Among three-dimensional (3D) systems with non-trivial topological states, topological nodal-line (TNL) semimetals, in which Dirac band crossings occur along a line or form a loop in momentum space, attract much attention due to their particularly interesting physics1. The representatives of this type of material, examined by angle-resolved photoemission spectroscopy (ARPES), are PtSn4 (ref. 2), PbTaSe2 (ref. 3), ZrSiS4,5,6, ZrSiSe and ZrSiTe7, and HfSiS8. As an outcome of detailed ARPES studies on ZrSiS, this compound has been shown to harbour not only a 3D TNL phase with a diamond-shaped Fermi surface near the Brillouin zone centre but also multiple Dirac cones dispersing linearly over an extended energy range up to 2 eV (refs 4, 5, 6). Furthermore, the material hosts linearly dispersive surface states protected by the non-symmorphic crystal symmetry4,5, and is therefore an excellent candidate for the realization of a 2D topological insulator9,10.

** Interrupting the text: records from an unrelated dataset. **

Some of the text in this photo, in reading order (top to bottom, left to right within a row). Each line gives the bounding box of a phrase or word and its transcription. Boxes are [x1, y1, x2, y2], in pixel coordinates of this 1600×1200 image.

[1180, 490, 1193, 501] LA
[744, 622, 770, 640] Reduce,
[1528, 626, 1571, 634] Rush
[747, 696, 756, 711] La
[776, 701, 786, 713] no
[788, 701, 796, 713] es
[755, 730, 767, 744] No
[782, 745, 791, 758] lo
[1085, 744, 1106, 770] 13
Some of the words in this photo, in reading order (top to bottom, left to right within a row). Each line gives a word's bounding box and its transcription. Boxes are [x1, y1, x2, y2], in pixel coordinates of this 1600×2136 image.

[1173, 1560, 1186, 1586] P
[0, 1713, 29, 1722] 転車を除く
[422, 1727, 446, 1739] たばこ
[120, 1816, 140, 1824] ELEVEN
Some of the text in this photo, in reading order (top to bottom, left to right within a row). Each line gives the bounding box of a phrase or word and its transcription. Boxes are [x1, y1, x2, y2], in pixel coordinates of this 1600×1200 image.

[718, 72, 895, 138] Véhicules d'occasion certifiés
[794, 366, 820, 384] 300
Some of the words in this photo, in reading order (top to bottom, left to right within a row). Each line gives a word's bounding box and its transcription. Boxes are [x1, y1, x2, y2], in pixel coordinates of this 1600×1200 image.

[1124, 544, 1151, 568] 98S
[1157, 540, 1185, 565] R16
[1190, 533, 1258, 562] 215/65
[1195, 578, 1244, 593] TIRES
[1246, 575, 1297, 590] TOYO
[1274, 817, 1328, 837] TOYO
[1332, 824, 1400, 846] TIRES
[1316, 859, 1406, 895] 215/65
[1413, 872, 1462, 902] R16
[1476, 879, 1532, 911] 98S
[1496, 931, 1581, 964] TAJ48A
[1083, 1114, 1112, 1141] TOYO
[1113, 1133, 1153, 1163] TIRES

High-quality single crystals of ZrSiS are stable in air, and can be grown from relatively abundant, non-toxic elements by chemical vapour transport4. The unique electronic structure of the compound makes it appropriate for comprehensive studies of electrical transport properties, anticipated to reflect the non-trivial character of the bulk states. In accordance with expectations, the magnetoresistance (MR) in ZrSiS has been found to be extremely large, non-saturating in strong magnetic fields and highly anisotropic6,11,12,13. However, these features can be interpreted in terms of the semi-metallic nature of this compound with nearly perfect electron–hole compensation and the presence of open orbits at the Fermi surface, that is, without invoking Dirac states11. On the other hand, the MR measurements have also revealed the occurrence of Shubnikov–de Haas (SdH) oscillations, discernible in fields as low as 2 T and at temperatures as high as 20 K (refs 6, 11, 12, 13). This finding implies very high mobility of the charge carriers. Fast Fourier transformation (FFT) of the experimental data yielded two characteristic frequencies of about 14 and 238 T, attributed to a small electron and a larger hole Fermi pocket, respectively, both with the effective mass of the charge carriers close to 0.1 m0 (m0 stands for the free electron mass)12. The nature of the TNL phase in ZrSiS has recently been probed also via de Haas–van Alphen (dHvA) oscillations14. These studies confirmed the presence of 3D Dirac states, with a dHvA frequency of about 240 T, high mobility and small effective mass of the hole-type carriers. In addition, a small electron-type Fermi pocket of 2D character has been found that probably corresponds to the Dirac surface states seen by ARPES.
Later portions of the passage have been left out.